Federov managed not to smile. Bryant, he thought, you’re a born, irrevocable, third-string man. “Sorry,” he said, “here’s my station.” He hurried out, making a pretense of being afraid of having the doors close on him, so that there would never be a th
ird handshake…
Why, when it’s two out and I’m pitching, the clever, persuasive voice argued out of the cool blue mountain dusk, and the ball’s hit out toward center field, I don’t even look around, no matter where it’s going. I just throw away my glove and start walking toward the bench because I know Benny’s out there, and if Benny’s out there that ball’s going to be caught.
I took her cherry under a cherry tree in Lake-wood, New Jersey.
From this and other missions, twenty-seven of our aircraft are missing.
1964
THE DOOR TO THE BAR opened, and Michael came in, swinging his glove and spikes. He was wearing tennis shoes now. “Hi,” he said, sitting down next to his father. “Can I have a coke?”
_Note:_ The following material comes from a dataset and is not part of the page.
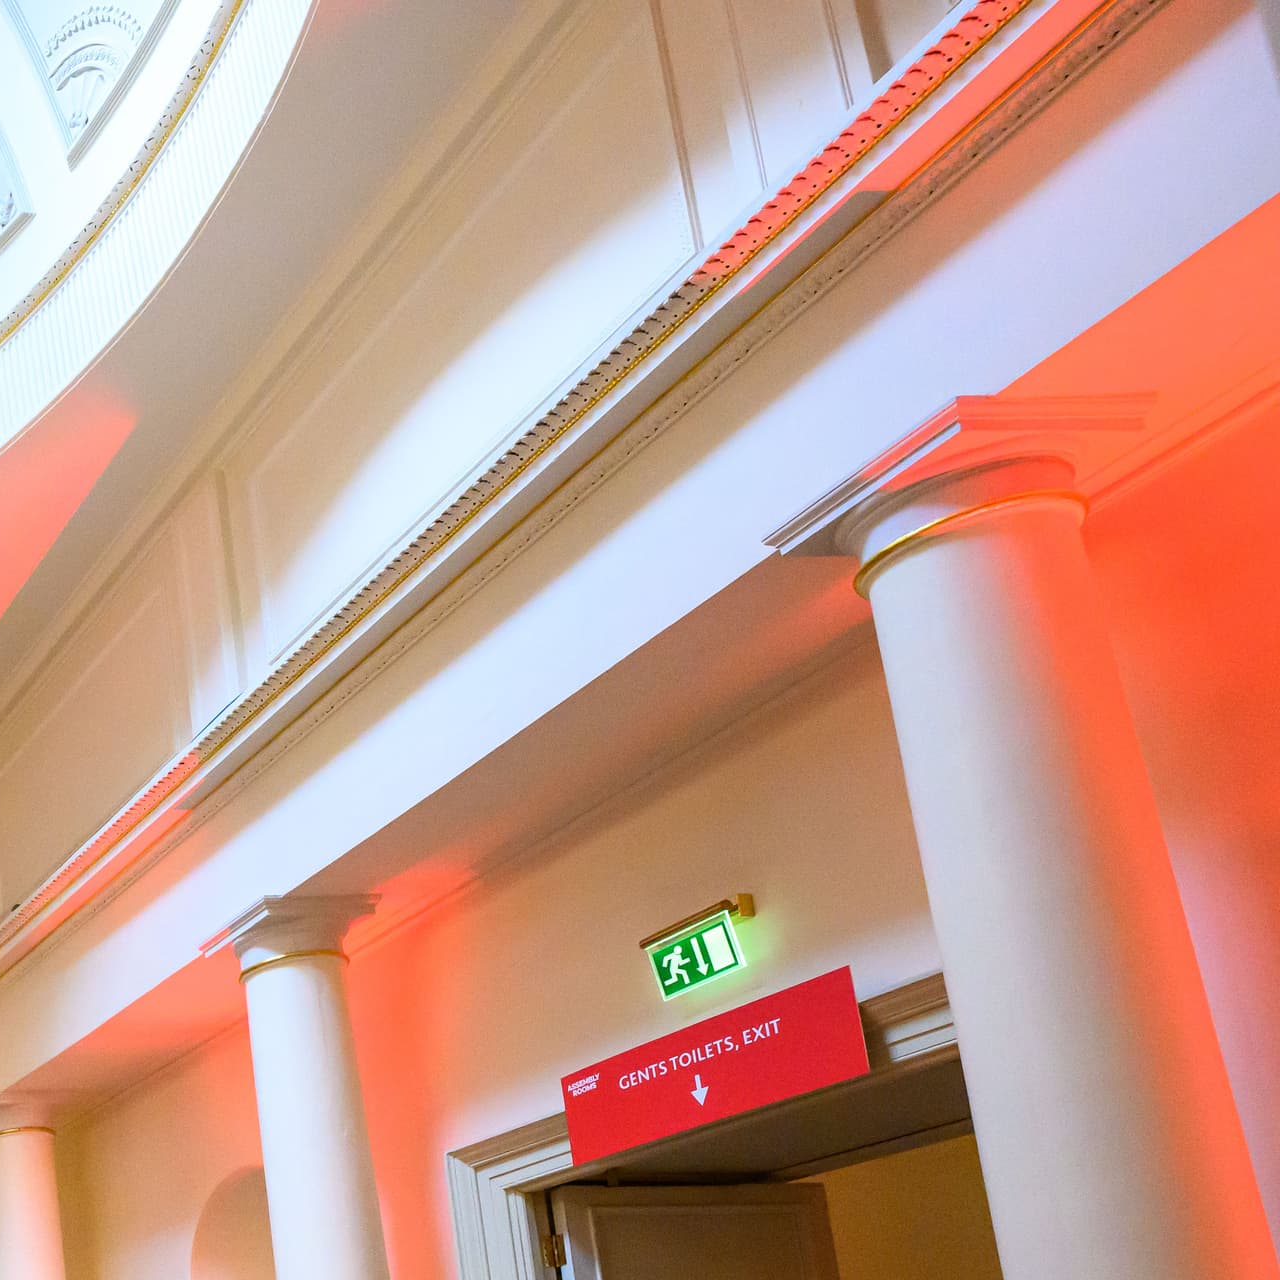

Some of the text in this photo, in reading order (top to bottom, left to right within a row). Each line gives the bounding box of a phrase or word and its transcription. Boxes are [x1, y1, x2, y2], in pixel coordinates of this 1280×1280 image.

[618, 1018, 781, 1090] GENTS TOILETS, EXIT
[567, 1072, 600, 1092] ASSEMBLY
[572, 1082, 597, 1097] ROOMS
“One coke, Vinnie,” Federov said. “How’d the game come out?”
“We won,” Michael said.
“Anything happen in the last inning?”
“A little confusion and alarm,” Michael said. He gulped at the drink Vinnie put before him. “They got two men on base and Cerrazzi was up.” Michael drank again.
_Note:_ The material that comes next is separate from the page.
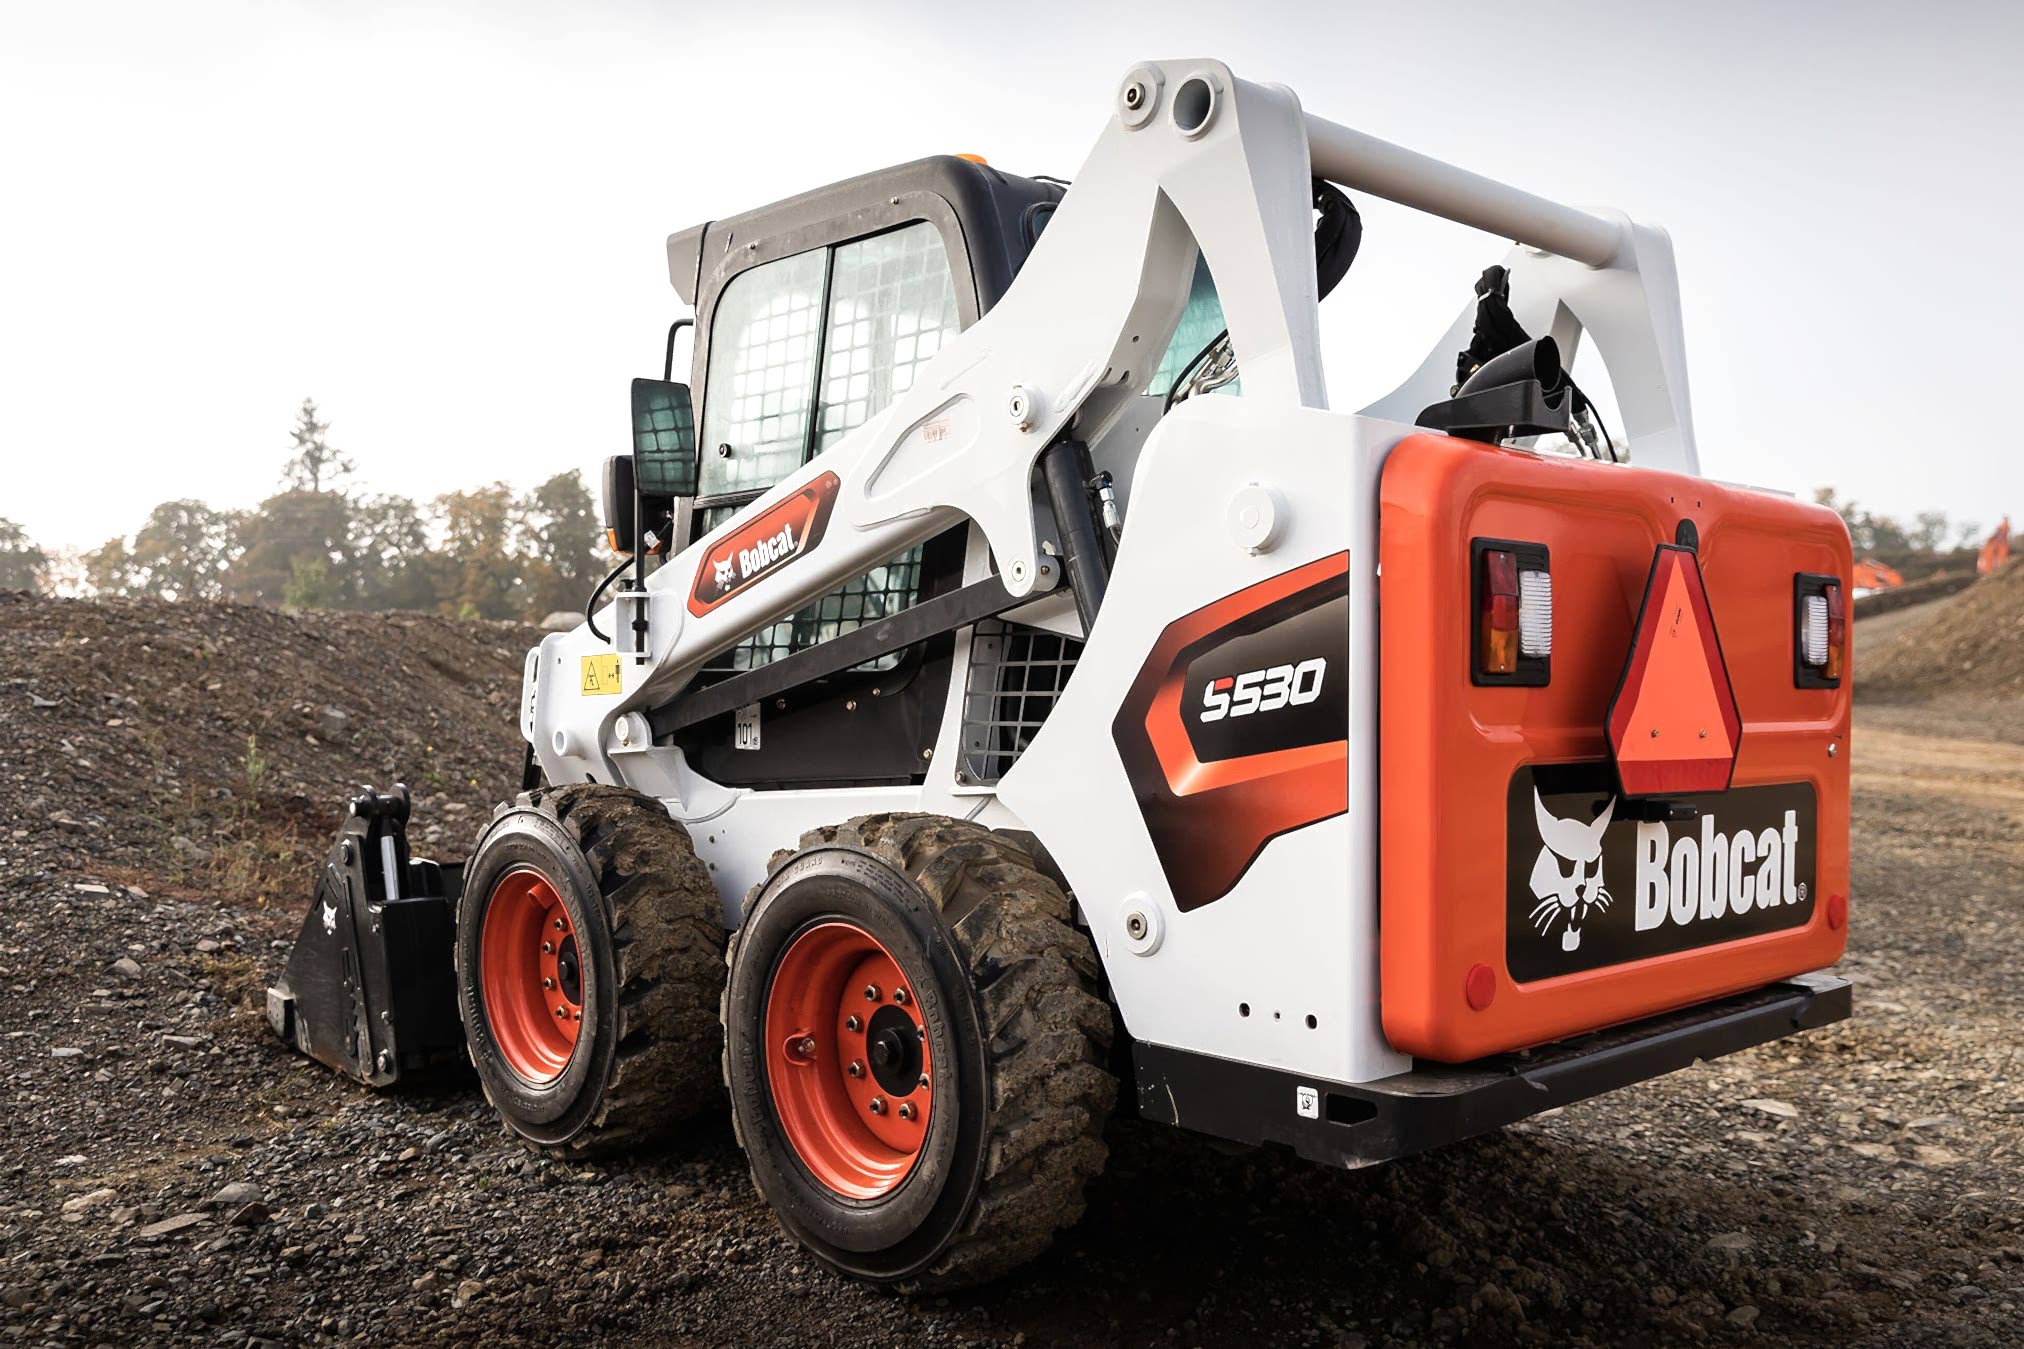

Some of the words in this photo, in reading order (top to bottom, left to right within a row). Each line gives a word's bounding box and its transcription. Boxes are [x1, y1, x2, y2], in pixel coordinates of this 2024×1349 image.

“What’d he do?” Federov asked.
“He walloped it. Baby, can that Cerrazzi hit that ball,” Michael said. “Only this time he hit it right at Buddy Horowitz on first base, and Buddy only had to take two steps and there was the ball game. Say, Dad, do you mind if I don’t ride home with you? There’s a volleyball game at Andy Robert’s house. You know the way home yourself, don’t you, Daddy-o?”
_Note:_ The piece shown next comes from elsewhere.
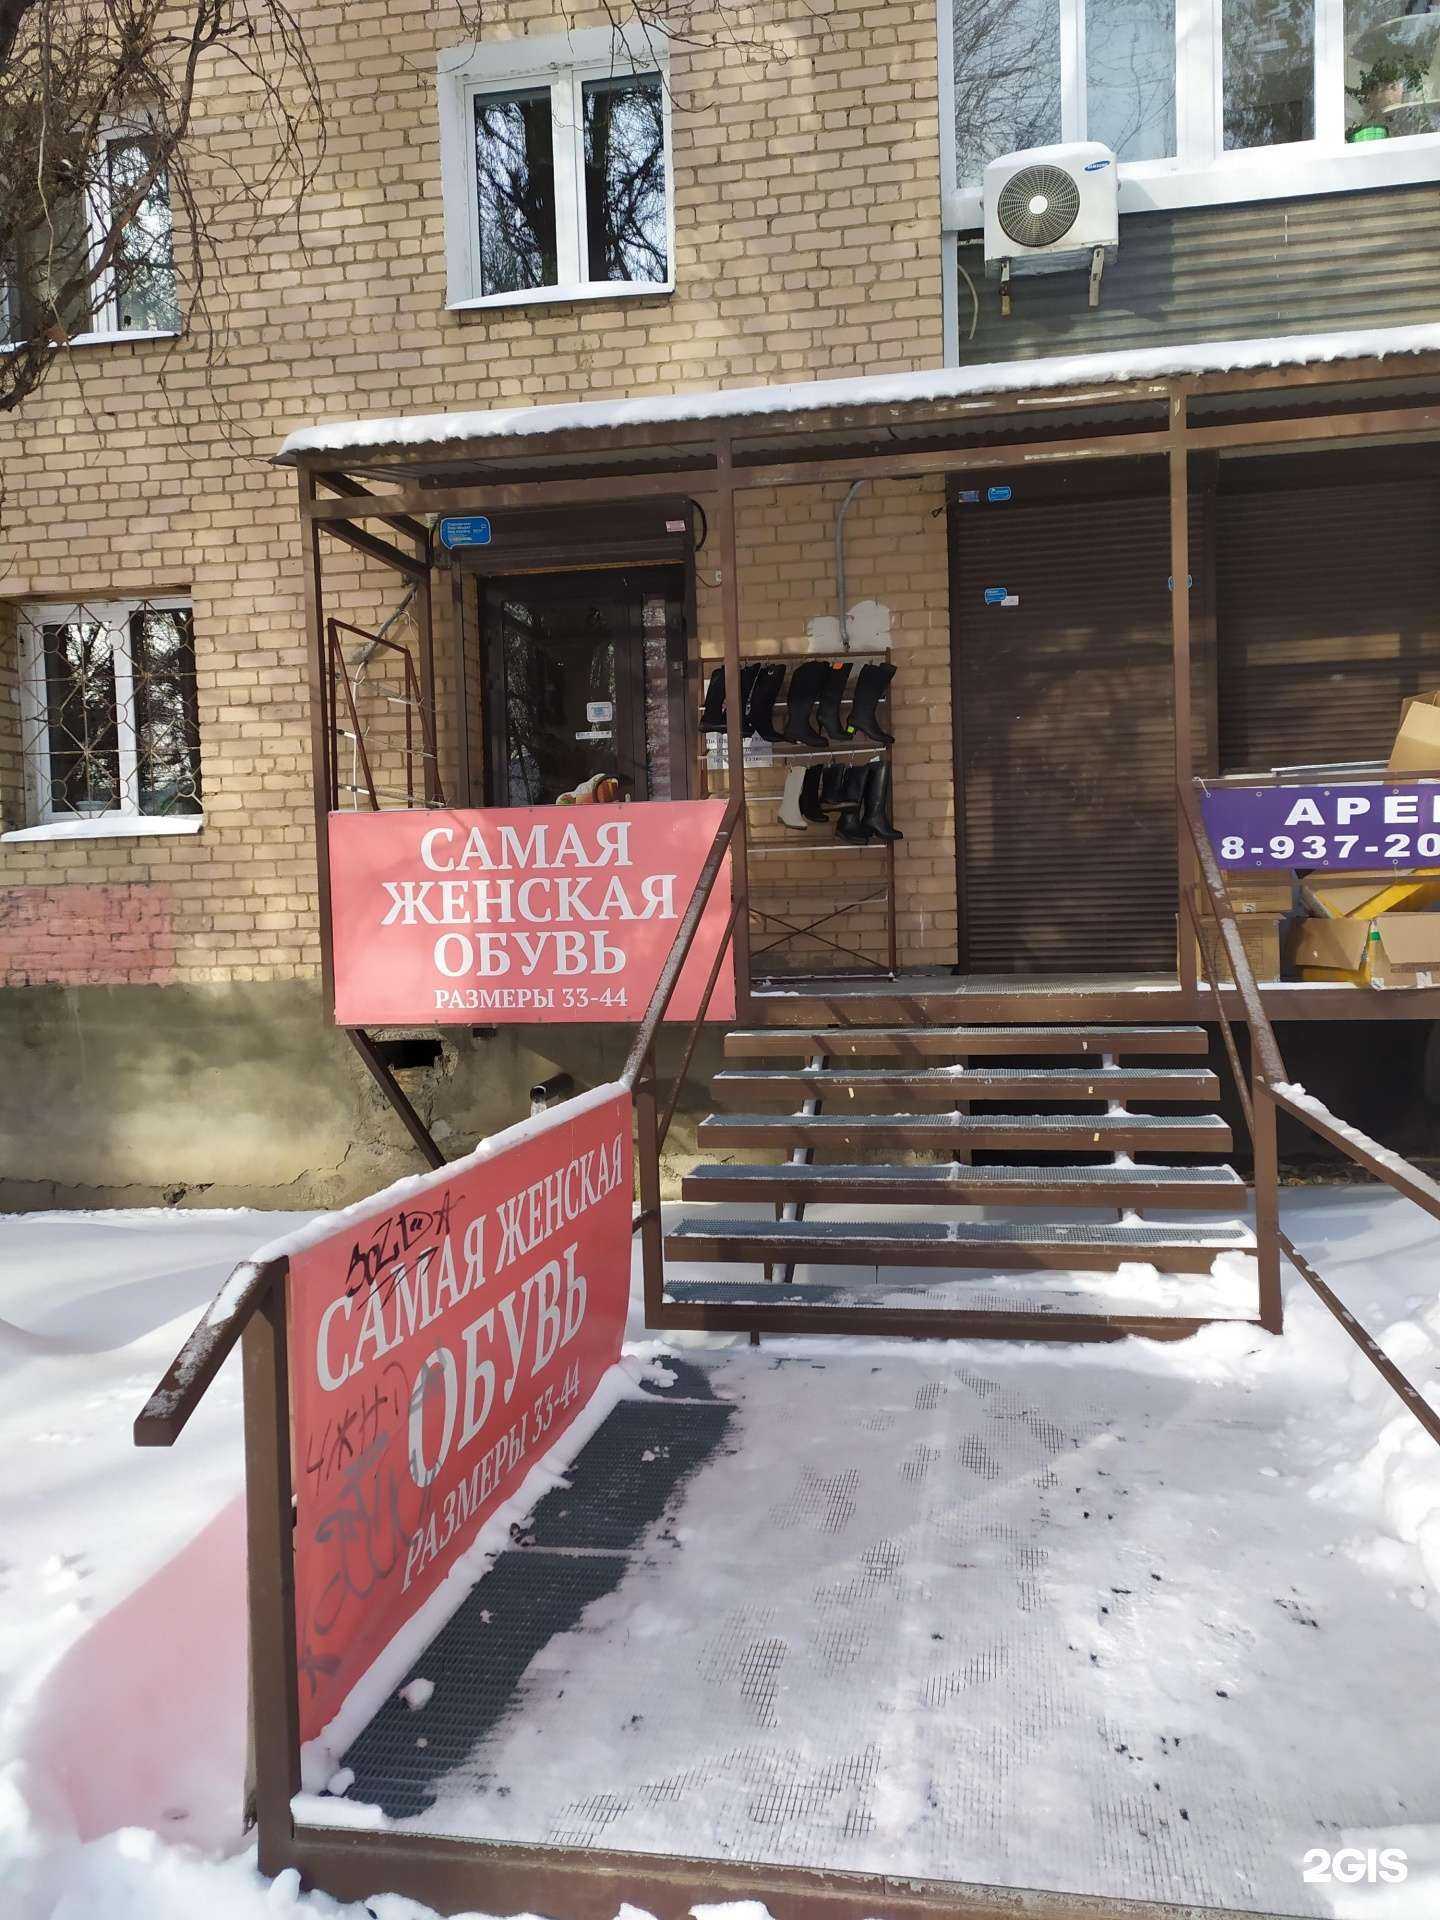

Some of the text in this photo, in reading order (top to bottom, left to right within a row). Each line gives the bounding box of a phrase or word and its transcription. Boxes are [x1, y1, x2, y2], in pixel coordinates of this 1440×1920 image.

“I know the way home all right,” Federov said. “And don’t be such a wise guy.”
Michael laughed. He jumped from the stool. “Thanks for the coke.” He started out, then stopped. “Do you mind throwing this junk into the back of the car, Dad?” He waved the spikes, tied together with their laces, looped over the back strap of the glove.
“Give them to me,” Federov said.
Michael came over and put the spikes and glove on the stool next to his father. “Good old Dads,” he said. “See you at dinner.”